Cancer drug U-turn boost

by Eric Baxter

THOUSANDS of Inverclyde cancer victims could be helped by a U-turn over a drug that can ease pain and help them live longer.

The news will be welcomed by campaigners for people suffering from mesothelioma, a type of cancer which affects the lining of the lungs and is mainly linked to asbestos exposure.

The National Institute for Health and Clinical Excellence (NICE)
previously insisted the drug Alimta (pemetrexed disodium) should be used only in new or continuing clinical trials.

But manufacturers Eli Lilly appealed against the guidance - and now NICE says it can be used for advanced mesothelioma.

The condition is common in shipbuilding and heavy engineering areas, where people worked with asbestos.

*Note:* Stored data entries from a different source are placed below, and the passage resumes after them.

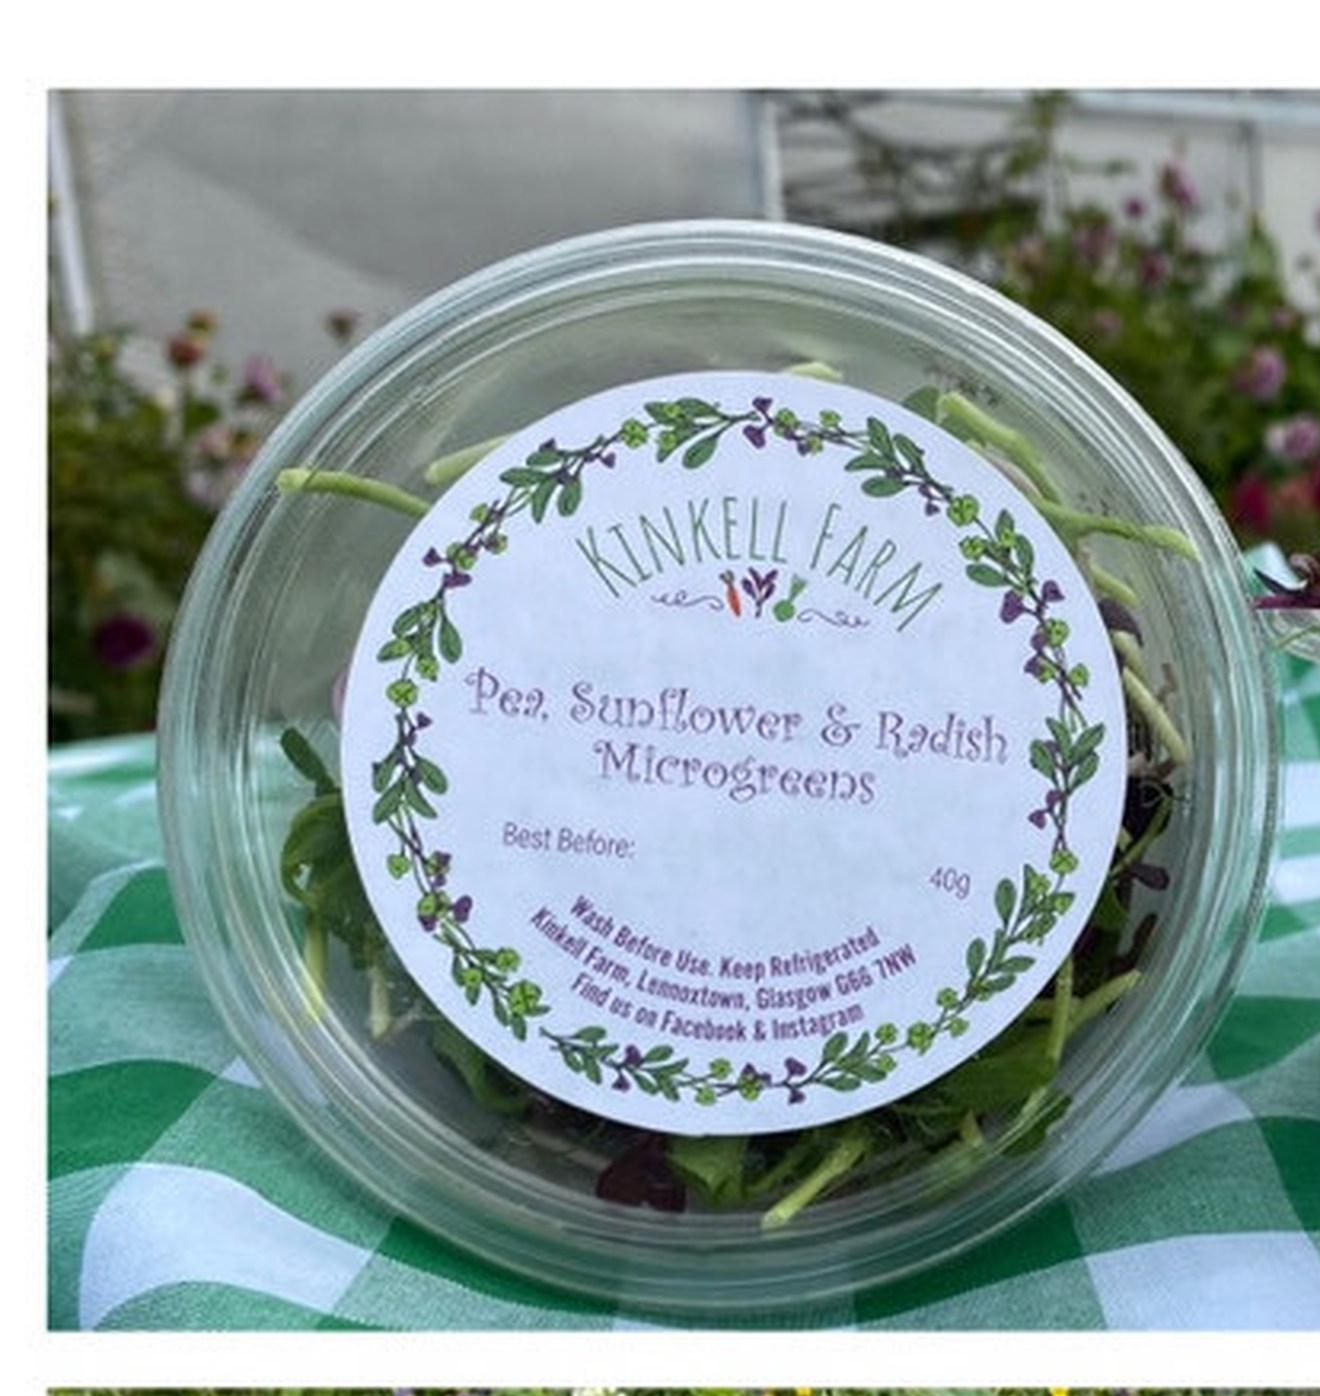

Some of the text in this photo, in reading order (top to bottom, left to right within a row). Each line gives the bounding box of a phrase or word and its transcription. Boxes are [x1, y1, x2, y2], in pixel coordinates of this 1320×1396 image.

[576, 497, 942, 632] KINKELL FARM
[569, 680, 802, 743] Sunflower
[821, 702, 861, 747] &
[876, 710, 1008, 765] Radish
[593, 739, 876, 804] Microgreens
[502, 822, 636, 859] Best Before:
[929, 866, 971, 900] 40g
[531, 907, 917, 1012] Kinkell Farm, Lennoxtown, Glasgow G66 7NW
[570, 894, 881, 983] Wash Before Use. Keep Refrigerated
[571, 972, 865, 1042] Find us on Facebook & Instagram
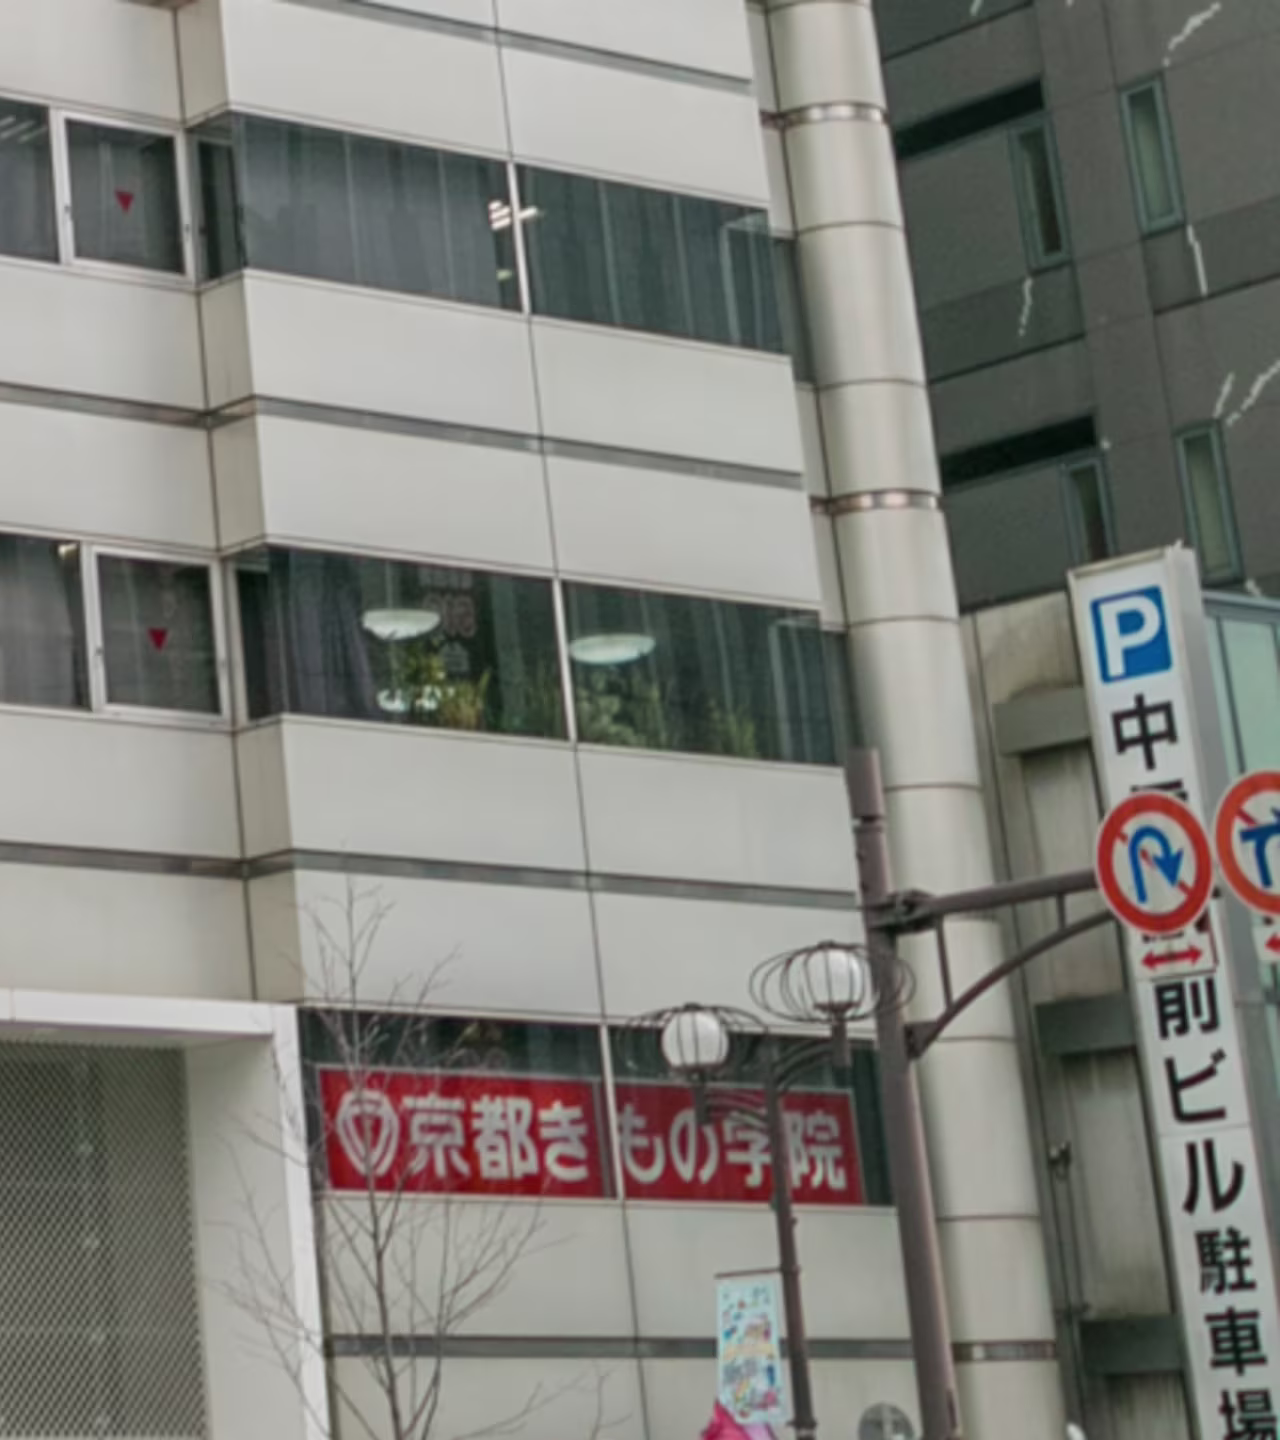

Jim McAleese, of Port Glasgow, chairman of the Inverclyde branch of Clydeside Action on Asbestos (CAA), said: "Anything that can ease the pain is very welcome and gratefully received."

Greenock and Inverclyde MSP Duncan McNeil said this vindicated a campaign by MSPs for the drug to be provided.

He said: "This is great news for sufferers. It will give them a better quality of life."

About 4,000 people a year develop mesothelioma, mainly in areas like Clydeside.

Harry McCluskey, secretary of CAA, said: "It's important all those who suffer from mesothelioma should have access to the drug, which can extend their lives and alleviate symptoms. We have been actively campaigning for this, and we are delighted at the outcome."

CAA can be contacted for free and confidential advice and support on 0141 552 8852.

Dr Gillian Leng, NICE implementation director, said: "Our initial review of the evidence available suggested it was insufficient to demonstrate the drug was better than other, far less costly, medicines.

"However, a number of significant factors have become apparent, which, taken together, have enabled the independent appraisal committee to recommend pemetrexed disodium as a treatment option for the majority of people with the cancer."

The new guidance will be issued to the NHS in the next few months if there are no appeals against it.